It sits high at the corner of MLK and Malcolm X. I see it every single day when I drive to work right before I turn right to head onto the freeway. It's a white billboard with a large black circle in the middle of it. Inside that circle are white letters that remind me of my one little word (OLW) that I chose for 2019. Actually, it isn't really a word but a phrase: You got this. All year long that billboard remained there exactly the same. And every day as I drove past, I silently said those words.
There were days that life got overwhelming between the pressure that I put on myself at work to driving my kids to their activities to working a second job at night to this and that and the other. But the funny thing is that each time I started feeling that way, I envisioned the billboard and repeated those words because one day life will slow down and the kids will be gone and You've got this will have a different meaning.

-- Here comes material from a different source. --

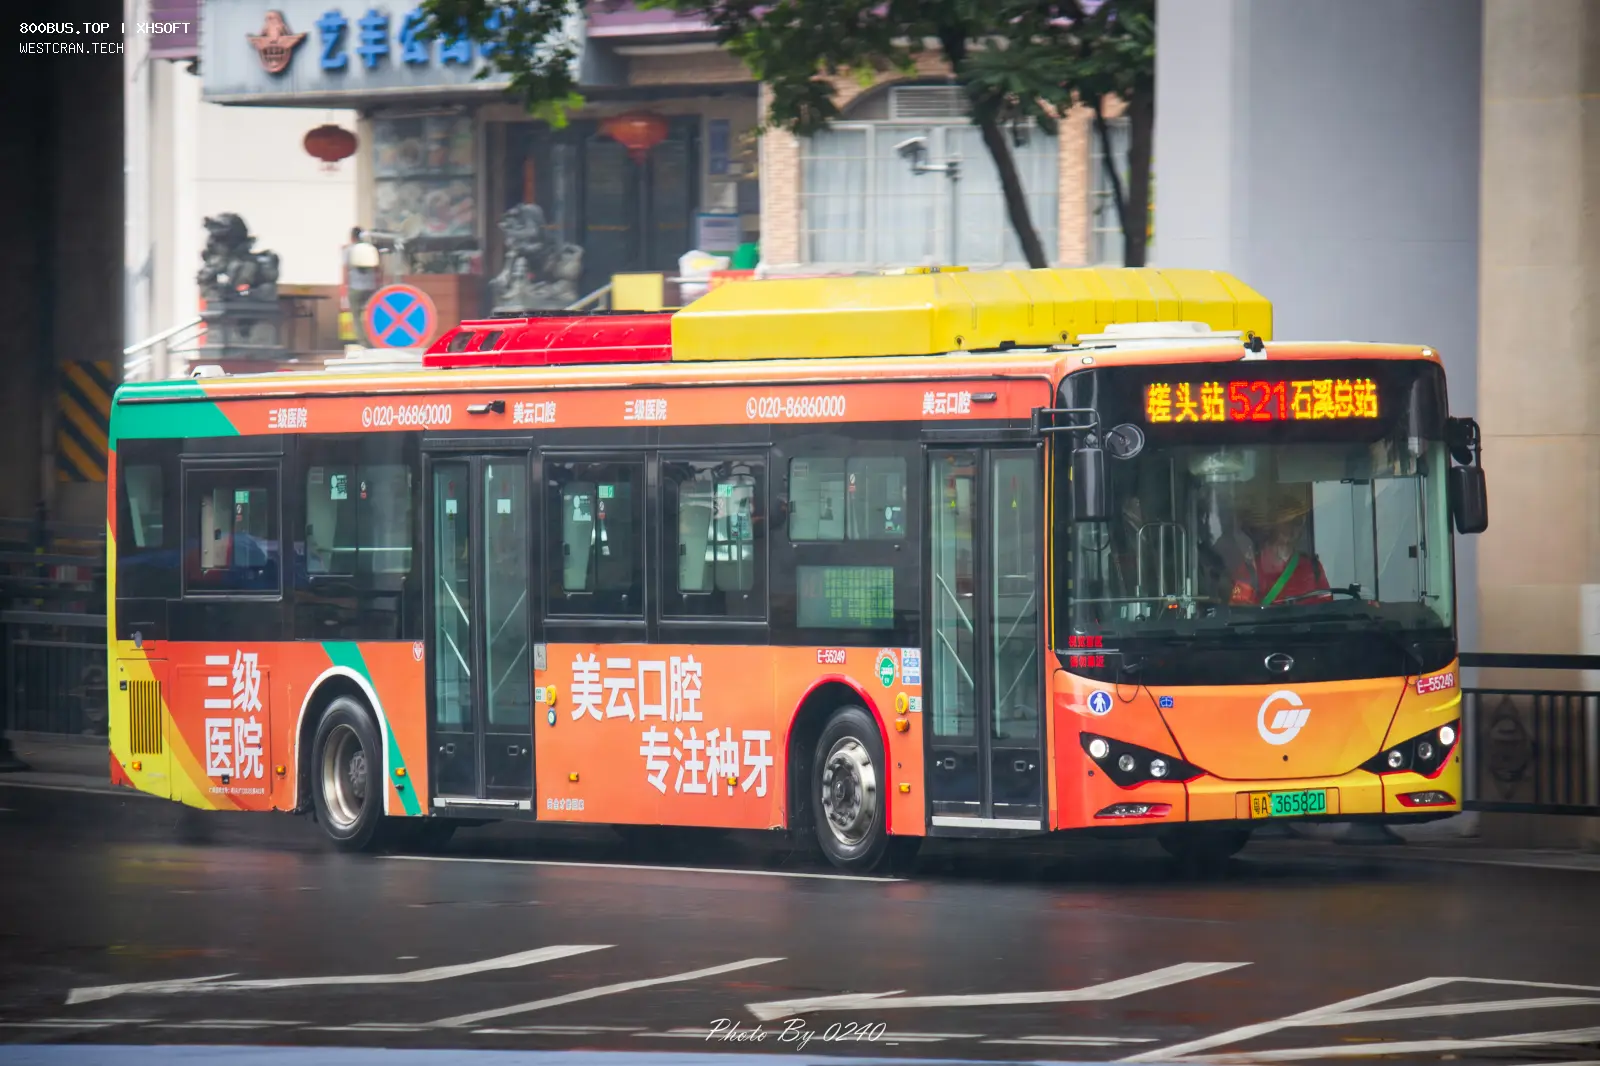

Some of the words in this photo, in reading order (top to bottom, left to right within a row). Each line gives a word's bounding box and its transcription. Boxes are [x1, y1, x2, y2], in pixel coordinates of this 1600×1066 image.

As 2019 was coming to a close, I started to think about my OLW for 2020. A few days ago I had been reading an article in Magnolia by Joanna Gaines. She was reflecting on her year and how she likes to be busy all the time but realized that life moves fast. And in this article she talked about a phrase that she is going to work on for the new year. As soon as I read it, I knew that this was going to be my OLW (or phrase) for 2020: Look up.
So going into 2020, I am going to look up more. I am going to revel in my kids and the age they are now. I am going to slow down and live each day. Worry less. Know that things will get done when they get done because I am a doer. Take in the moments. And just live.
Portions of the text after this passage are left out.